August 10, by Nathaly Pesantez
An Elmhurst church, built in the early 1700s and deemed the second-oldest religious building in the city, could achieve landmark status next month.
The Old Saint James Episcopal Church, the wood-framed, rectangular structure built in 1735-36 and located at 86-02 Broadway, was an item brought up for designation before the New York City Landmarks Commission in an Aug. 8 public hearing.
A researcher on behalf of the Landmarks Commission said the church is historically significant for its ties to early colonial settlement in Queens and with the beginnings of the Protestant Episcopal Church of New York.
The church, close to 300-years-old, is the second-oldest extant religious building, and was also used by British troops during the Revolutionary War, according to the Landmarks Commission. While the church maintains some of its 18th century finishes, it is currently not in use, with part of the property serving as a parking lot.
At the public hearing, Rev. Andrew Durbridge, the real estate manager for the Episcopal Diocese of Long Island—the trustees of the Elmhurst church—expressed support for the potential landmark designation, but not without a few caveats.
“The designation of one of our buildings significantly increases the cost of maintenance and the renovation work, which requires increased deployment of our resources that could otherwise be used for ministry work,” he said.
Durbridge also said old buildings that become landmarks often cease to offer functional space, and bring about challenges in making the building accessible and environmentally sustainable.
But to counter issues with the potential landmark designation, the trustees commissioned CWB Architects, a Brooklyn based architecture firm, to design a concept for the site that includes restoring the old church and developing a new building at the rear, along with a landscape garden and meeting areas to link the two buildings, according to Durbridge.

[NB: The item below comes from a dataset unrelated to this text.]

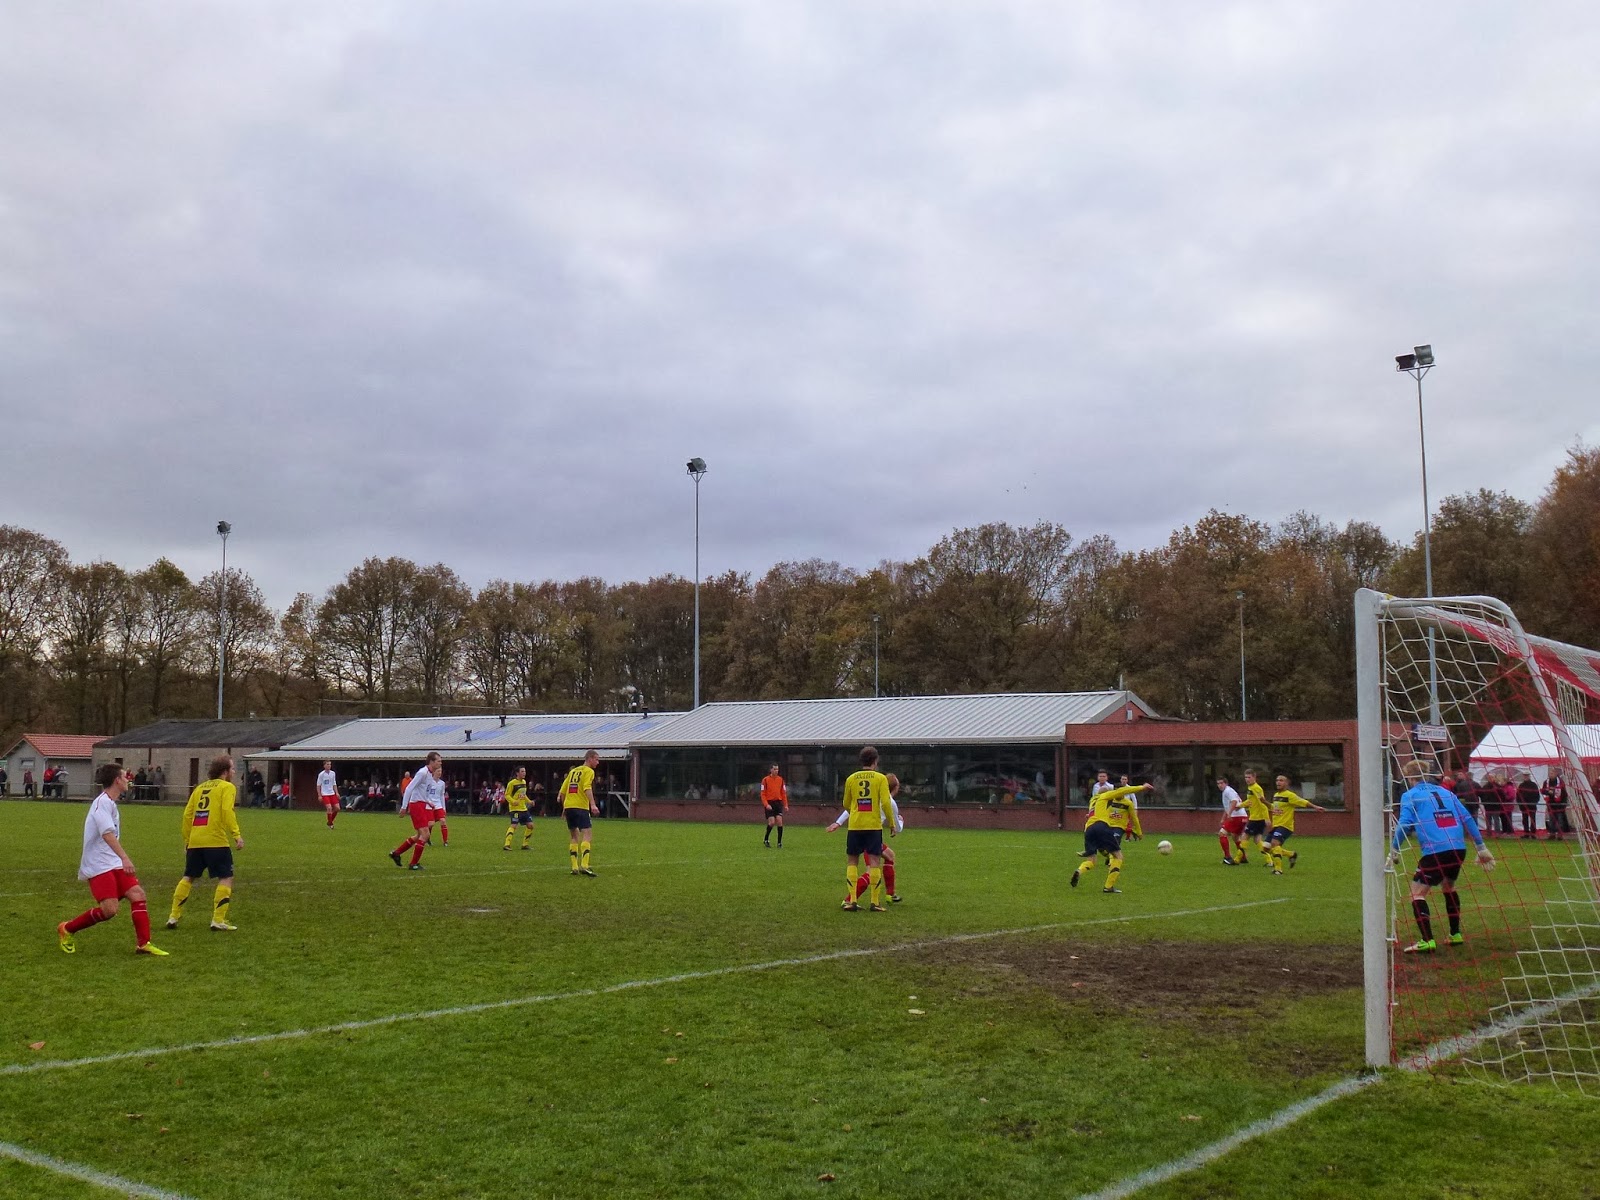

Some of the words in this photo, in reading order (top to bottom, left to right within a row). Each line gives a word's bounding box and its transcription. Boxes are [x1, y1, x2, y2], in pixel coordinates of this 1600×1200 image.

[570, 771, 582, 783] 13
[858, 780, 870, 797] 3
[198, 789, 211, 809] 5
[1430, 791, 1447, 810] 1

“The development will produce much needed revenue needed to sustain and maintain the old building, plus provide for ministry funding for the current church,” Durbridge said at the meeting.

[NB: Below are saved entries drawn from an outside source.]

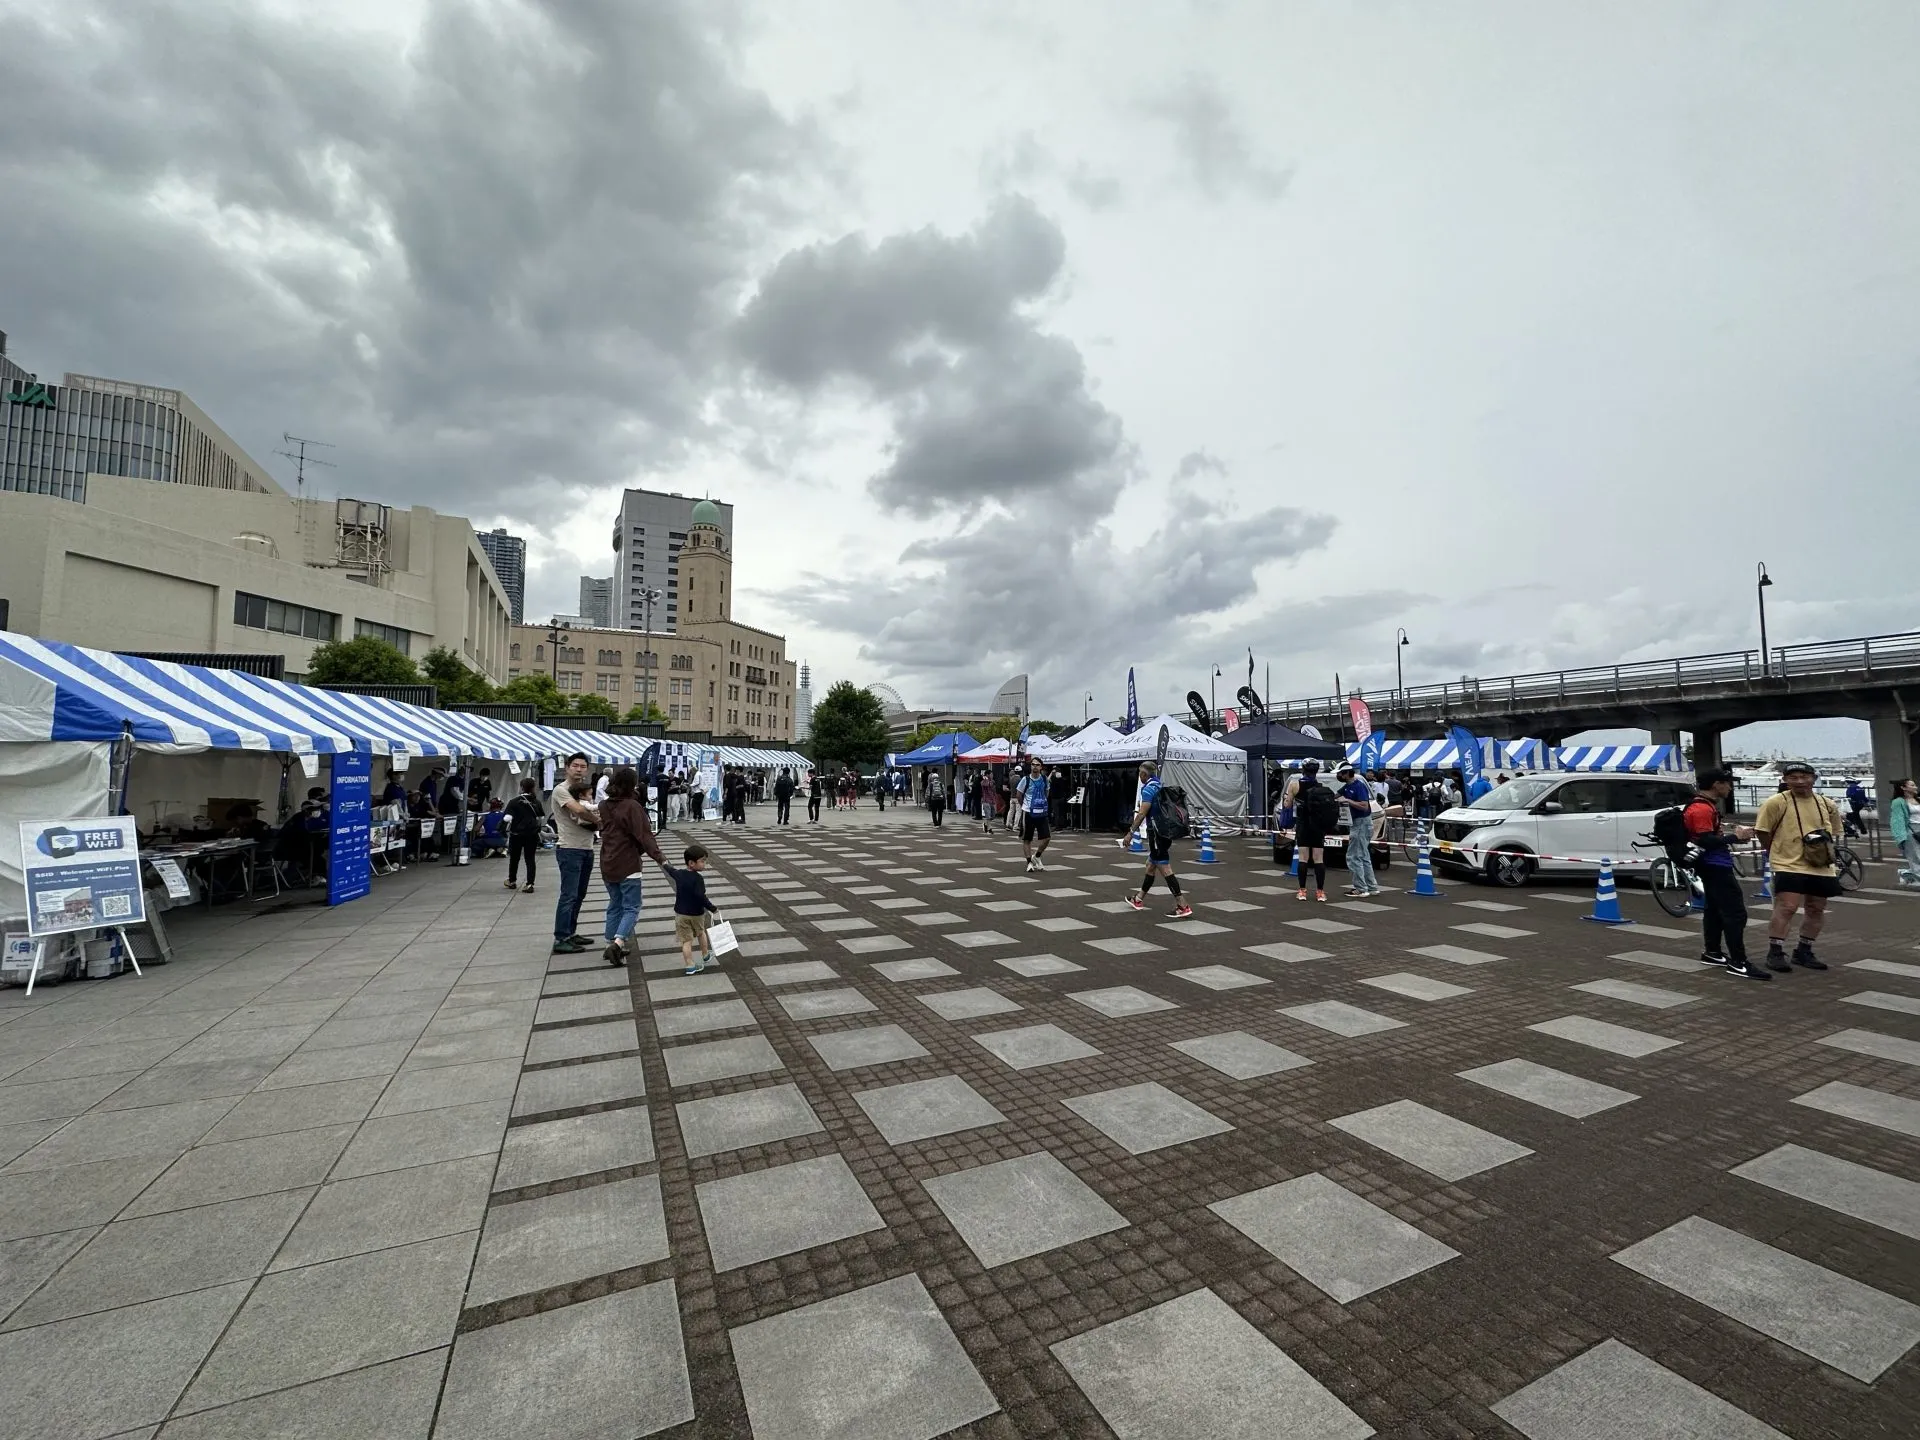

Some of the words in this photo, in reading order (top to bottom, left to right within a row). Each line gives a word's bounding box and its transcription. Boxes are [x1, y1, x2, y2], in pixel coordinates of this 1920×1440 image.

[1189, 699, 1206, 719] SMITH
[1365, 752, 1375, 769] VIE
[336, 776, 369, 784] INFORMATION
[84, 831, 117, 841] FREE
[85, 840, 118, 849] WI-FI

A decision date for designation will be set for September, the Landmarks Commission said.
The Old Saint James Episcopal Church, modified in 1883, has lost some of its ornamental trim over the years, and parishioners approached the Landmarks Commission to stop a sale that would have demolished the building in 1998. In 2004, the Landmark Conservancy Sacred Sites program helped restore the church to its 1883 appearance.